■ Problem description:
Reproduce the whole listing exactly and let no picture into the copy.

※ ※ ※

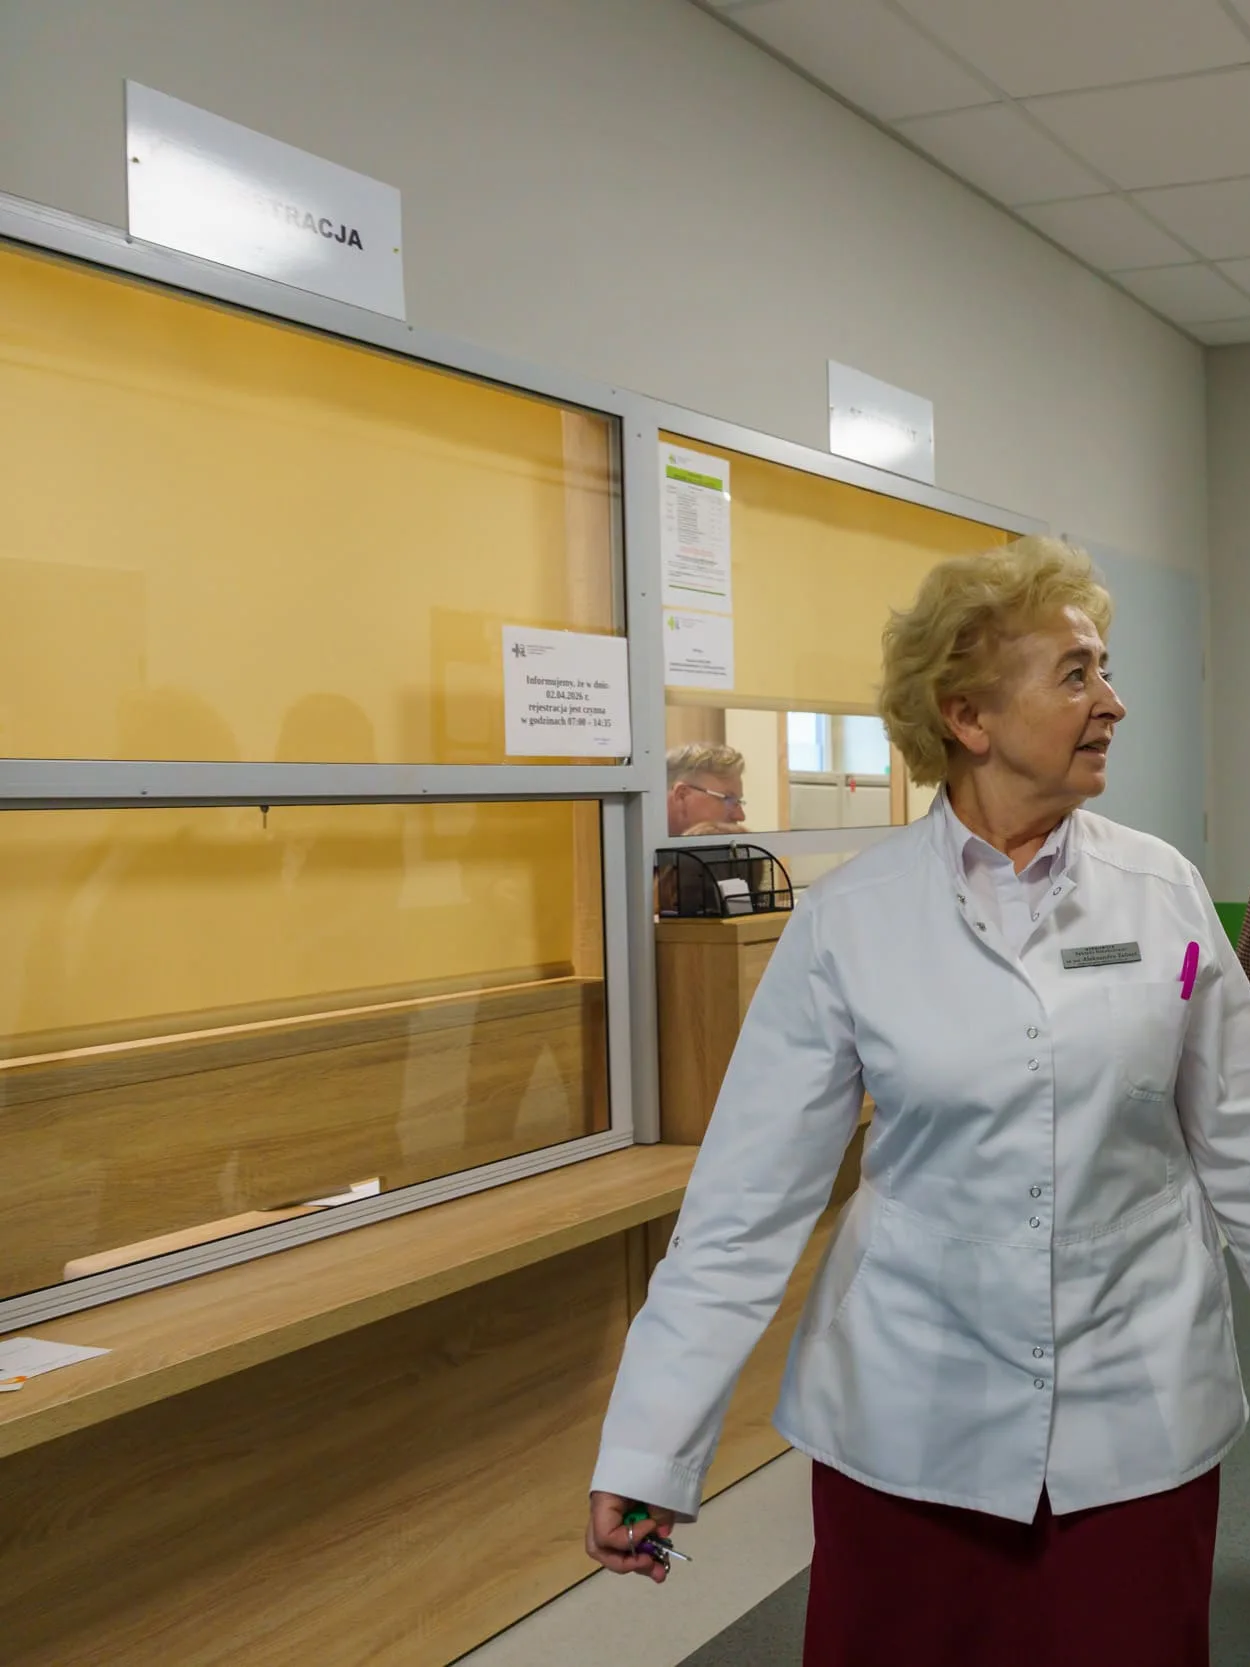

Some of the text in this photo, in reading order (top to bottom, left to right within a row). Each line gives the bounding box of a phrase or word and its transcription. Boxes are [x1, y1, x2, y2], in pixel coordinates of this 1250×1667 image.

[526, 675, 576, 689] Informujemy,
[528, 702, 606, 716] rejestracja jest czynna
[529, 715, 567, 726] godzinach
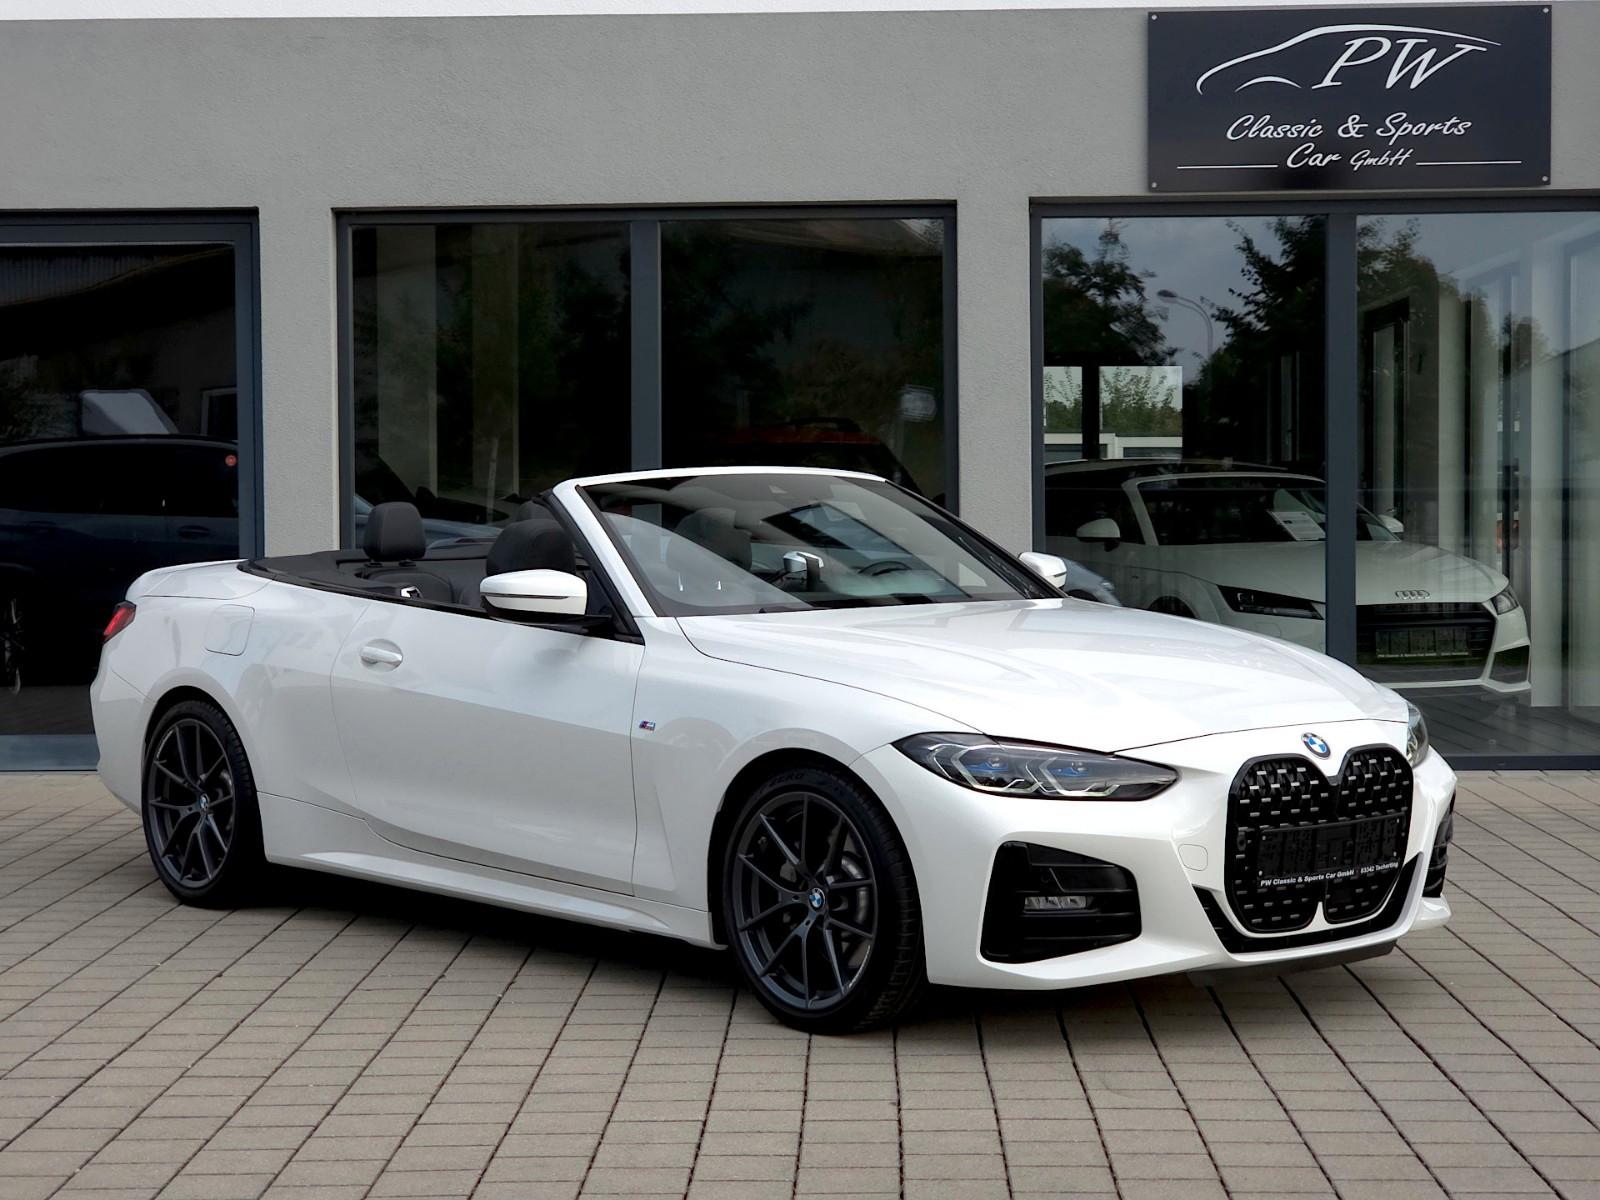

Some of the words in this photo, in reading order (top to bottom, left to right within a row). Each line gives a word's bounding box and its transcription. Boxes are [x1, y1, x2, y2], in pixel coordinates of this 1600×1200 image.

[1311, 36, 1488, 90] PW
[1225, 114, 1323, 141] Classic
[1337, 114, 1368, 138] &
[1376, 112, 1473, 146] Sports
[1286, 143, 1341, 169] Car
[1350, 148, 1414, 171] GmbH
[1260, 879, 1272, 887] PW
[1273, 877, 1296, 885] Classic
[1304, 874, 1325, 883] Sports
[1337, 869, 1355, 878] GmbH
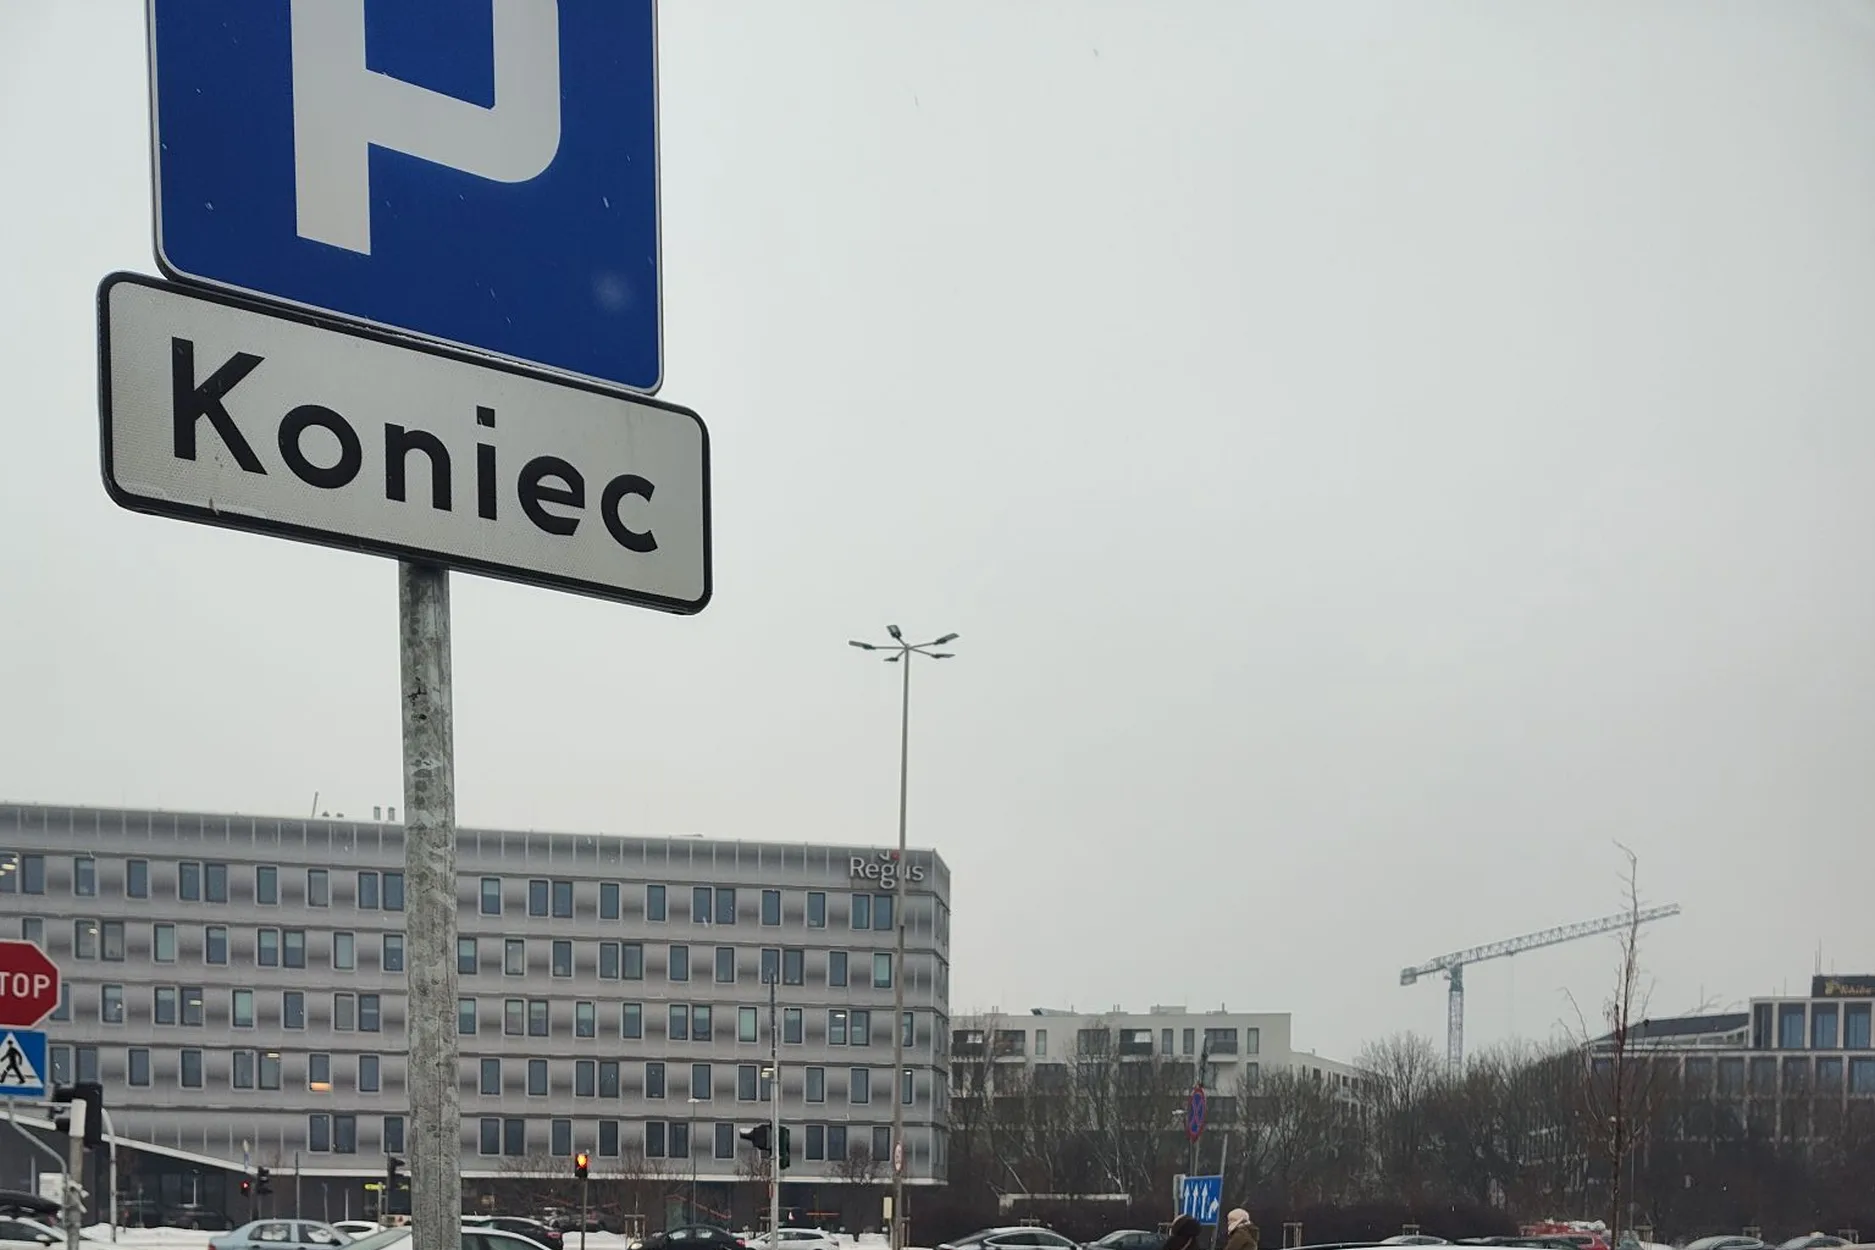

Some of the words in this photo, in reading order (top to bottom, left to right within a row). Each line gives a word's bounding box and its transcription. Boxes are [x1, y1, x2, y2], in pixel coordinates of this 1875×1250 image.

[291, 0, 561, 255] P
[172, 337, 658, 553] Koniec
[850, 856, 924, 889] Regus
[0, 971, 51, 999] TOP
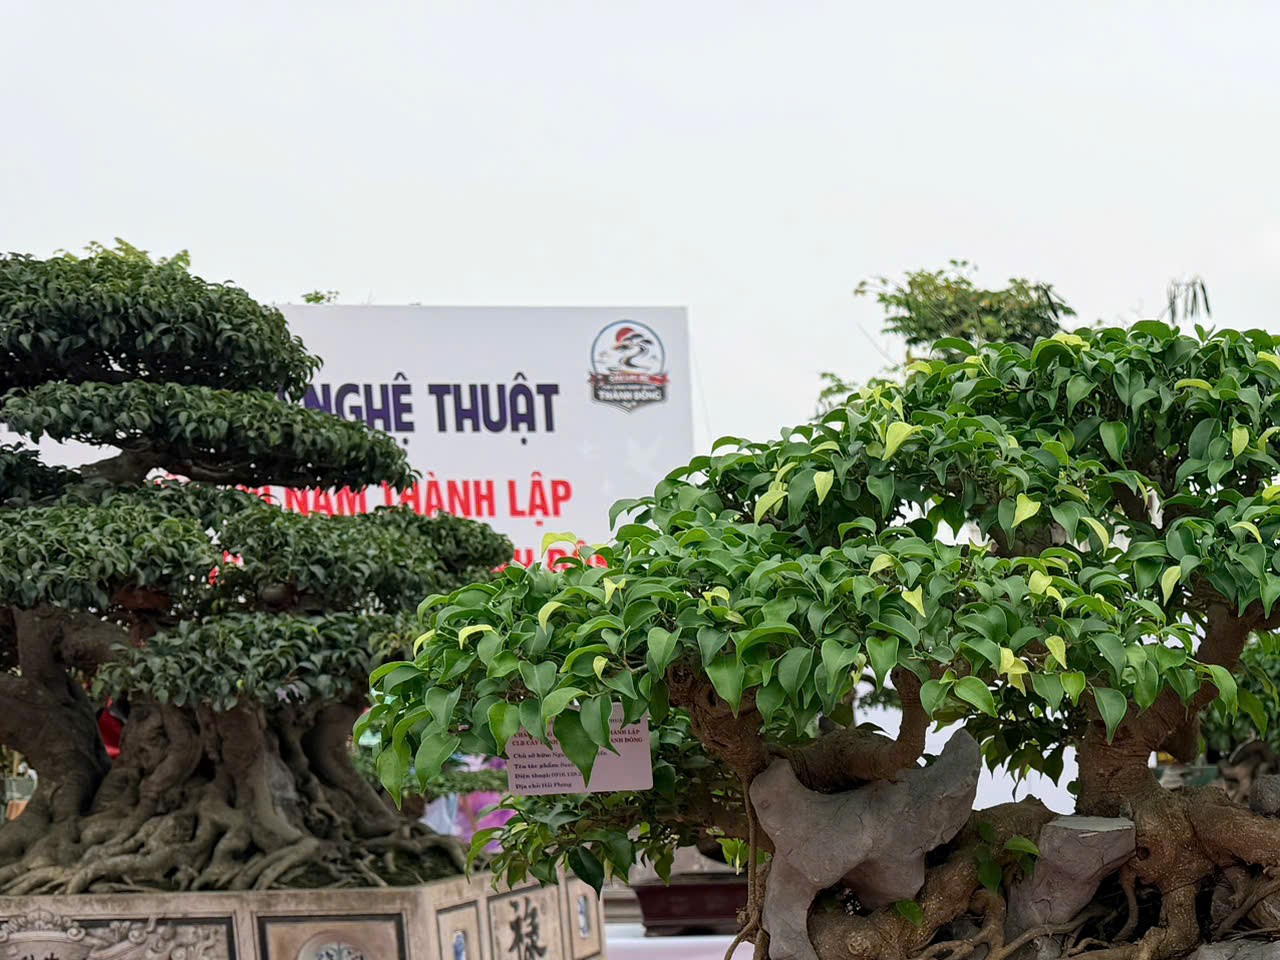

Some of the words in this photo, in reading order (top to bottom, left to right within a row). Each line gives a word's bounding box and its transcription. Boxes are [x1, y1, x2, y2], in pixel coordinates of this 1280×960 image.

※ ※ ※

■ Reply to the exercise:
Some of the text in this photo, in reading order (top to bottom, left to right within a row). Each line gives the bounding box of a phrase or word and its transcription. Boxes are [x1, y1, x2, y2], in pixel coordinates of this 1250×1667 image.

[526, 675, 576, 689] Informujemy,
[528, 702, 606, 716] rejestracja jest czynna
[529, 715, 567, 726] godzinach

Some of the words in this photo, in reading order (top to bottom, left to right within a row). Each line gives a word's bounding box and its transcription. Boxes are [x1, y1, x2, y2], in pixel coordinates of this 1600×1200 image.

[1311, 36, 1488, 90] PW
[1225, 114, 1323, 141] Classic
[1337, 114, 1368, 138] &
[1376, 112, 1473, 146] Sports
[1286, 143, 1341, 169] Car
[1350, 148, 1414, 171] GmbH
[1260, 879, 1272, 887] PW
[1273, 877, 1296, 885] Classic
[1304, 874, 1325, 883] Sports
[1337, 869, 1355, 878] GmbH

Some of the words in this photo, in reading order (top to bottom, left to right within a row). Each line gives a word's bounding box and its transcription. Boxes are [x1, y1, x2, y2], in pixel coordinates of this 1875×1250 image.

[291, 0, 561, 255] P
[172, 337, 658, 553] Koniec
[850, 856, 924, 889] Regus
[0, 971, 51, 999] TOP

Some of the words in this photo, in reading order (top to bottom, left to right within a row). Each line gives a word's bounding box and its transcription. Boxes are [x1, y1, x2, y2], in pixel coordinates of this 1280×960 image.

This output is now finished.